It's no big secret: Writing a dissertation is hard work. I've been convinced for quite some time.
Many of the sources I read about dissertation writing stated to write the literature review first, but did I listen? Did I heed their advice? Absolutely not. I was convinced that I knew my sources, their basic arguments, and I where my work fit within those arguments. Instead of the lit review, I felt the need to write the case studies, the methodology, a chapter on pedagogy, and I've roughed out the intro and conclusion. (I'm nearing the end of this project, the lit review and findings/analysis chapters are all that remain). But now that I'm constructing the literature review, I can see places I need to cut back. I have way too much information, and I'm drowning in it. Constructing the literature review is showing me just how much information I'm working with, and as I mentioned on Twitter more that once today, it's kicking my ass. As a graduate student, I never constructed a literature review. (Shocking, I know!) I've constructed plenty of very extensive Annotated Bibliographies, but never the lit review. So now I struggle.

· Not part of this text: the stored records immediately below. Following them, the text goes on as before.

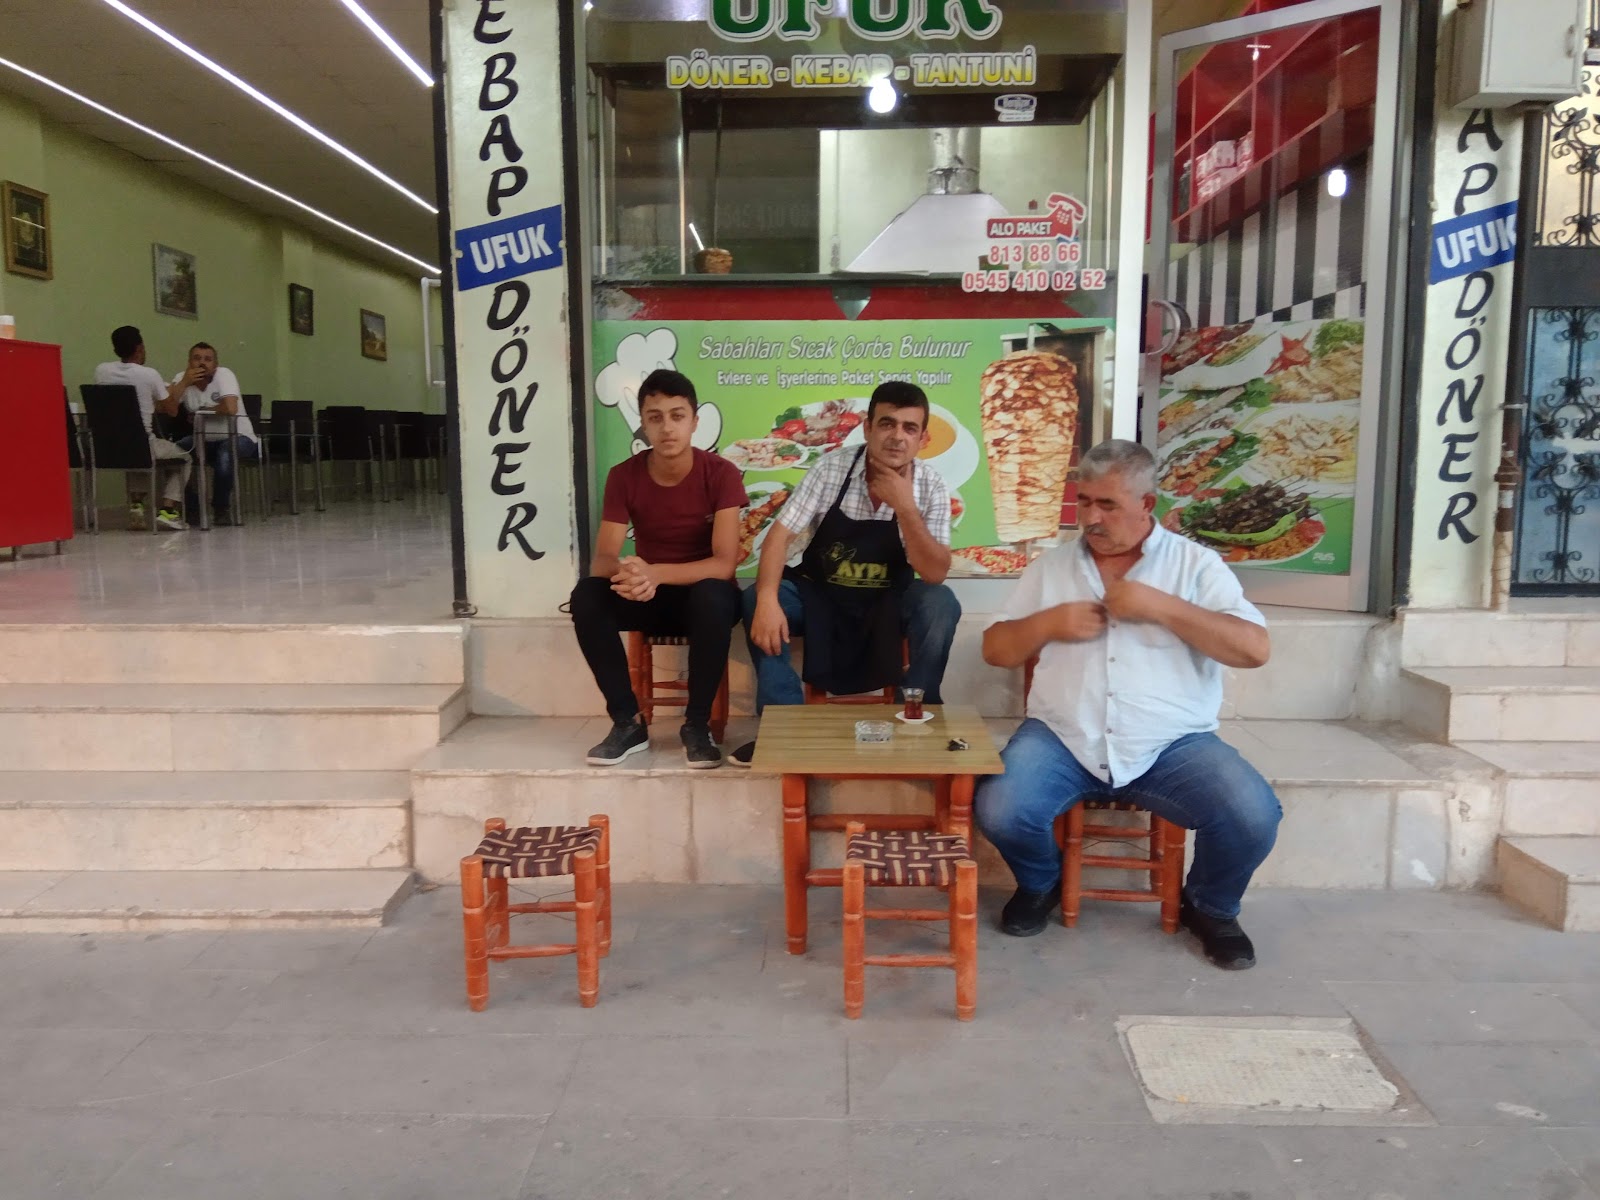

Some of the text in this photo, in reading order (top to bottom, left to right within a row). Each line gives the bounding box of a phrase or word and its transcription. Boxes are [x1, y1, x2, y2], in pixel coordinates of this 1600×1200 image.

[668, 50, 772, 88] DÖNER
[792, 54, 893, 88] KEBAP
[911, 45, 1036, 86] TANTUNİ
[989, 221, 1053, 236] ALO PAKET
[1435, 213, 1517, 268] UFUK
[469, 223, 553, 274] UFUK
[988, 242, 1081, 264] 813 88 66
[962, 269, 1106, 292] 0545 410 02 52
[699, 334, 972, 365] Sabahları Sıcak Çorba Bulunur
[717, 369, 752, 385] Evlere
[755, 373, 769, 385] ve
[841, 369, 874, 385] Paket
[878, 369, 912, 384] Servis
[916, 369, 952, 389] Yapılır
[486, 279, 546, 561] DÖNER
[1436, 270, 1495, 544] DÖNER
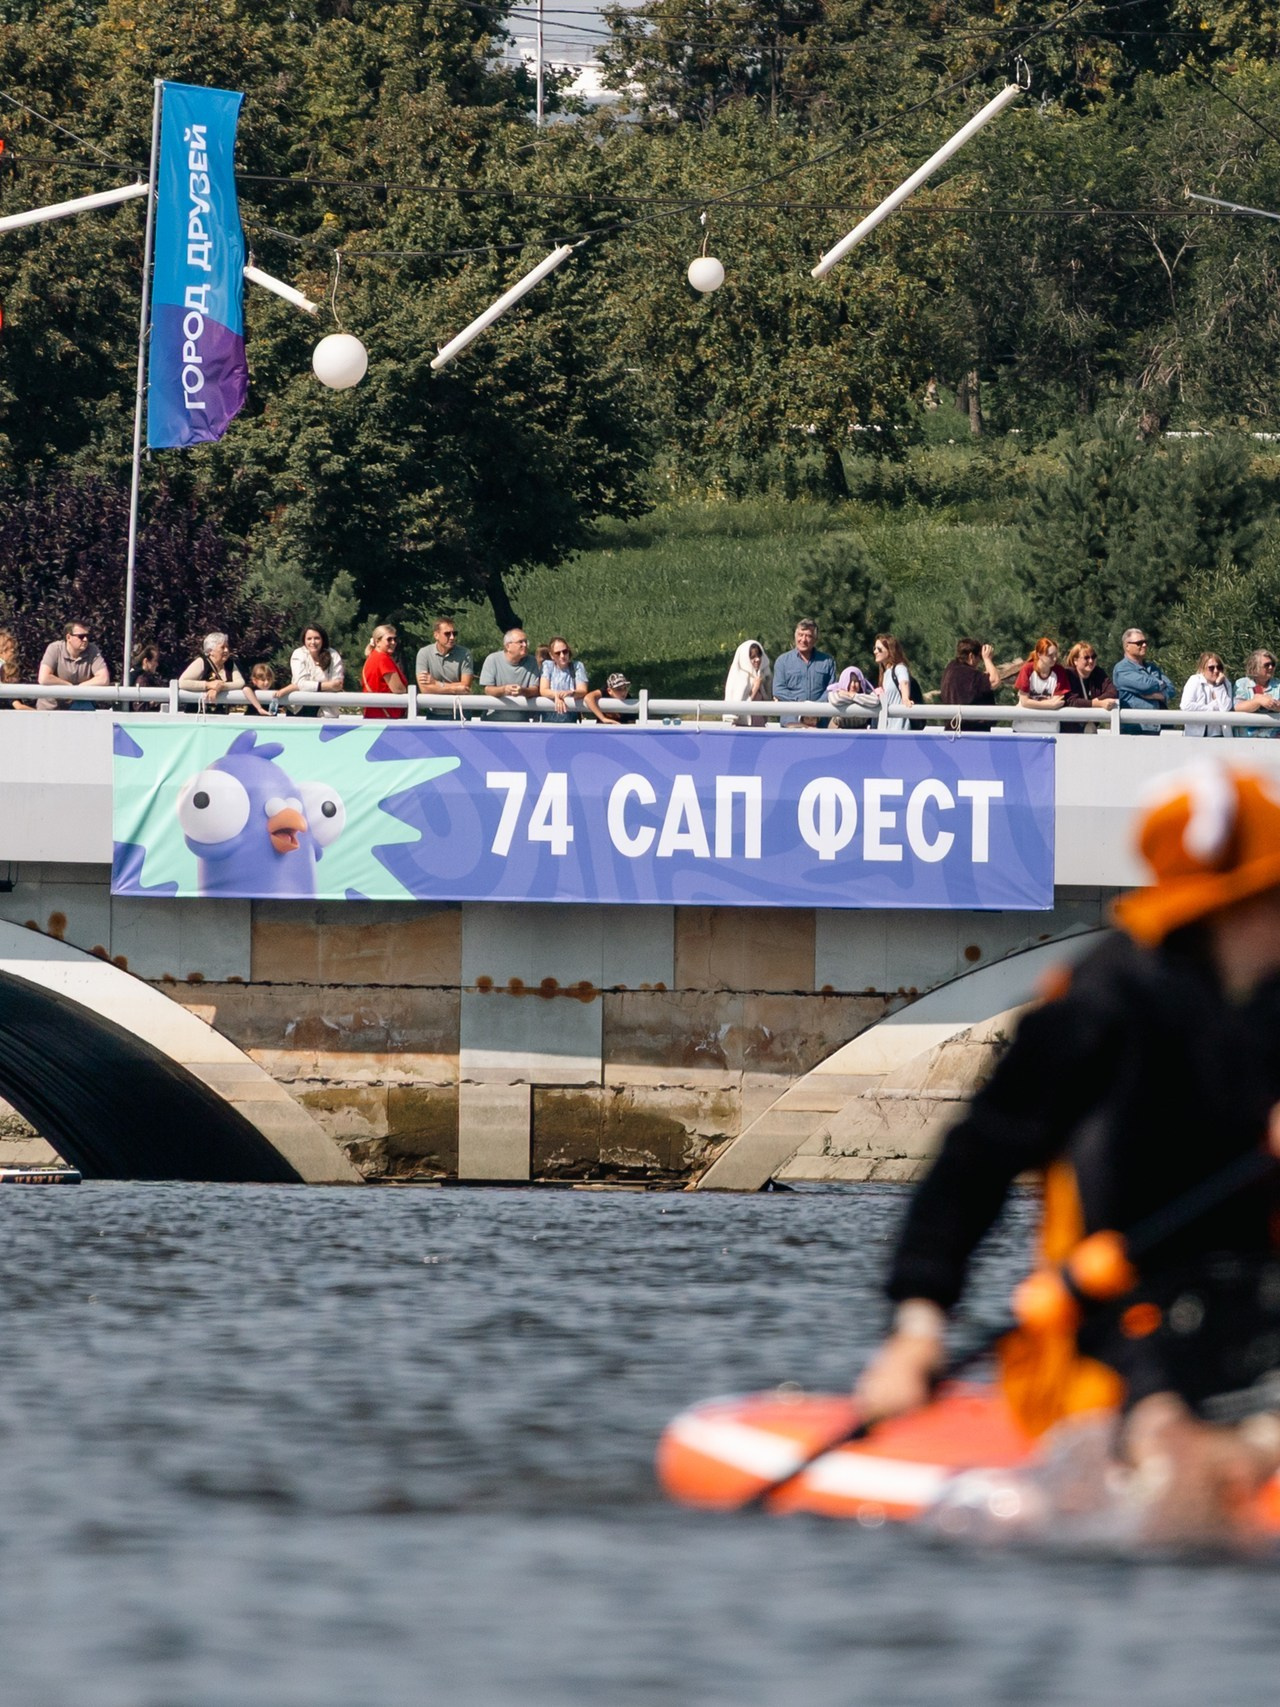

I spent the day constructing the mind-map below (constructed with Mindjet MindManager Pro 7, damn I love this program) that contains four of the six areas I need to review, and it's within these areas I'll cut back as I don't need another 100-page chapter). The graphic image below is too small to read, but each "arm" is a subject area of the dissertation (literacy, basic writing, critical pedagogy, athletics/athletes, etc.), the major theorists of that subject, what they believe or don't believe about the specific subject under question. The interesting part will be to see how these areas overlap.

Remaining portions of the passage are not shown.